It was too easy to rile Grian up, Scar genuinely wondered if it was worth taunting him this early into their evening. It was cute, watching him try to gloss over Scar's attacks, deflecting with his own pointed silence. The game was fun, but half the joy was in the end result.
"Most importantly, rule number three." Grian set down his glass, purely for dramatic effect. "No falling in love with one another."
This one caught Scar off guard. He hoped Grian couldn't tell in his face, quickly clearing his throat to fix his soured expression. Right. Of course. This was transactional at best: Scar would receive Grian's company in the form of sex, meaningless hook ups between co-workers. At least, that's how Grian was presenting the idea.

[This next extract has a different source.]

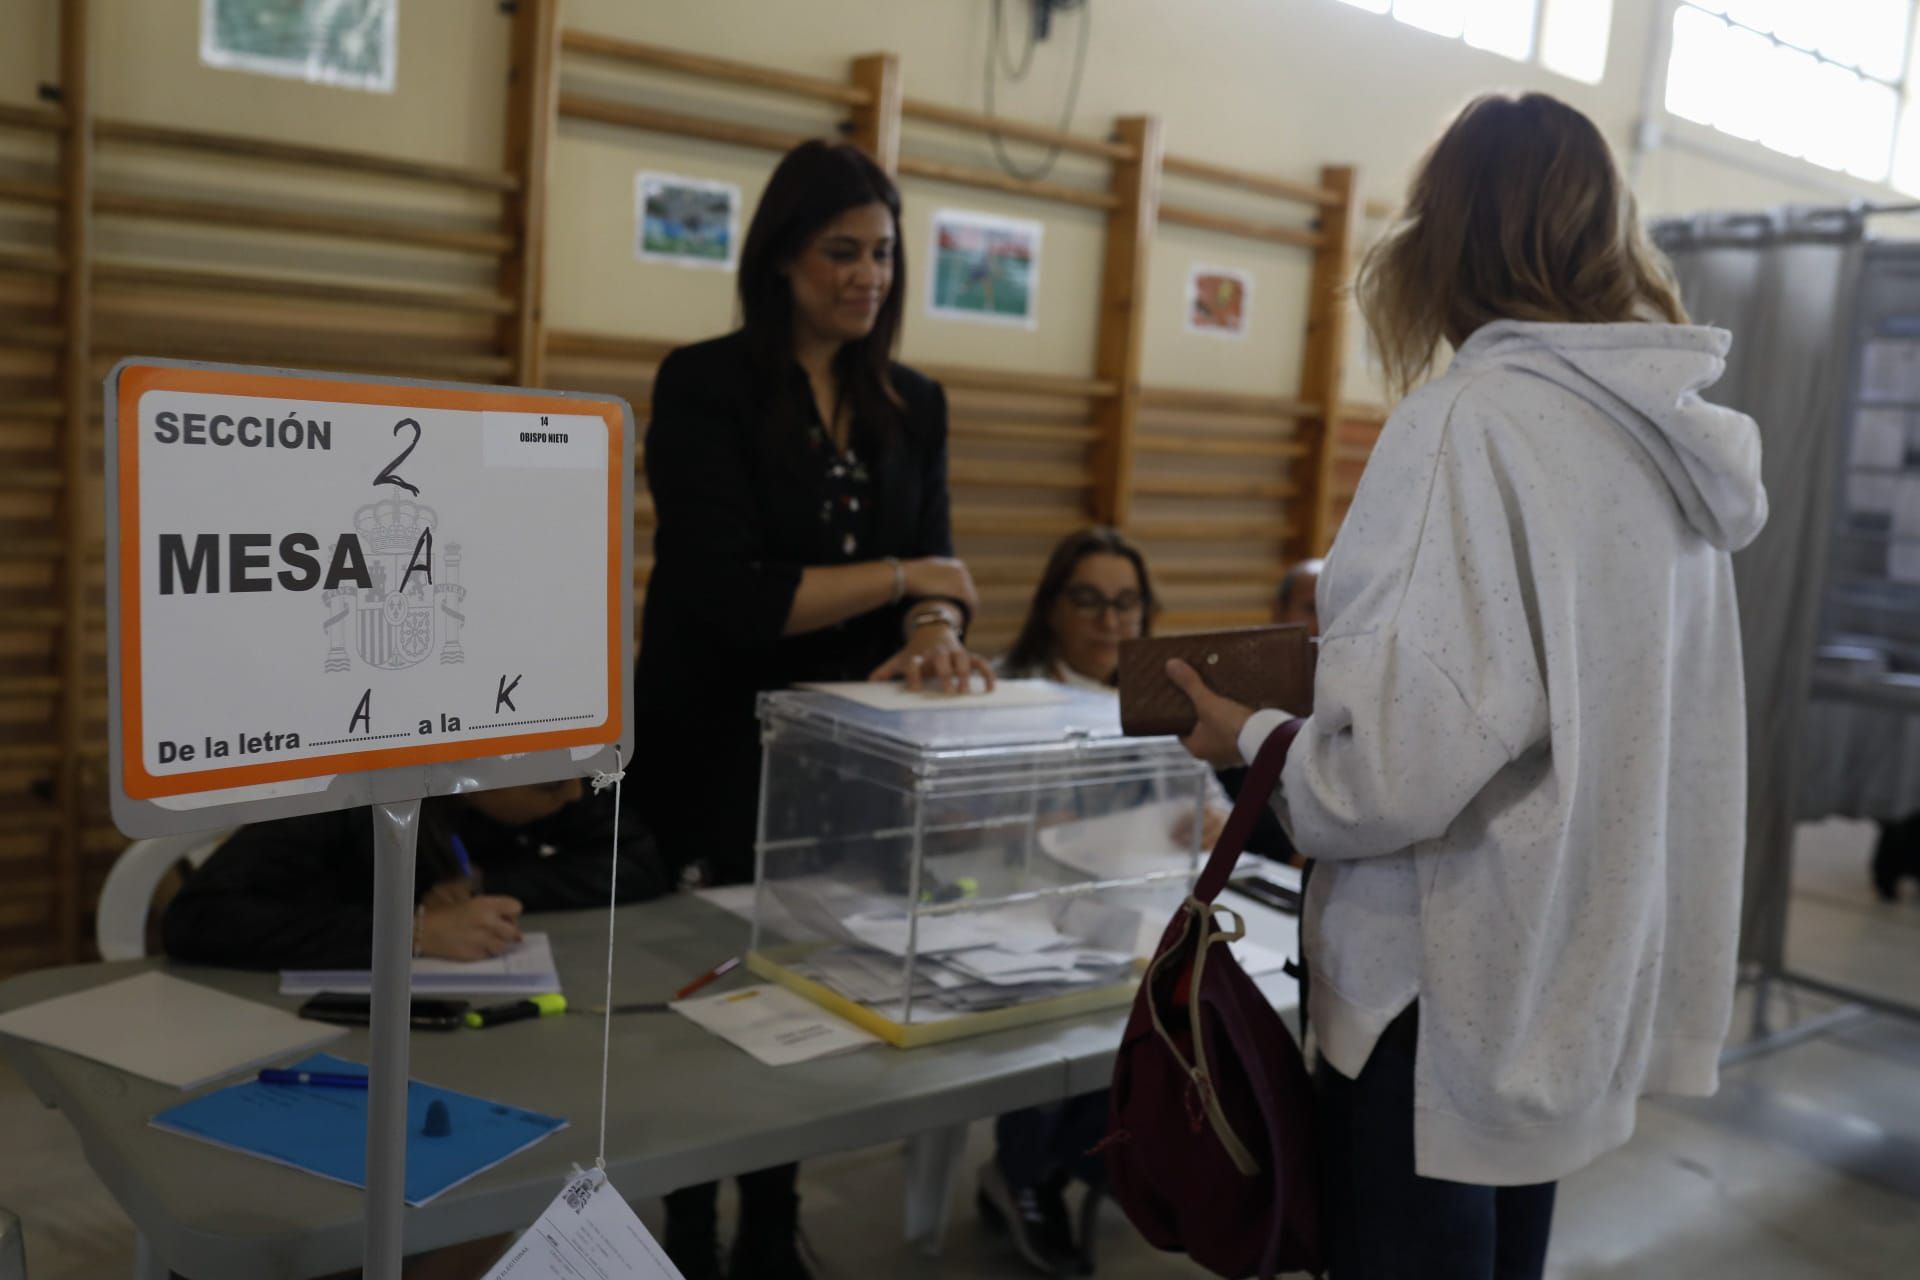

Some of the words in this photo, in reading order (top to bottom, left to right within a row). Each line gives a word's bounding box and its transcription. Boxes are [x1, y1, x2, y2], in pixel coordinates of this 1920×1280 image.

Scar didn't want that. He wasn't after only the physical, as much of a nice bonus as it could be. He wanted to know Grian, really know him, reach the parts that the man kept hidden from the world and fall into his mind; Scar wanted all of Grian, not just the surface level.
Even so, he knew that for Grian, sex was so much more than surface level. It was a serious gesture of trust, and not one Scar was willing to betray. But that didn't mean Scar would give up his love so easy, and let himself be heartbroken in favor of physical intimacy.
Some way, some how, Scar would make a space for himself in Grian's heart. He owed it to himself to try, at the very least.
Scar grinned, and lifted his wine glass in toast. "Challenge accepted."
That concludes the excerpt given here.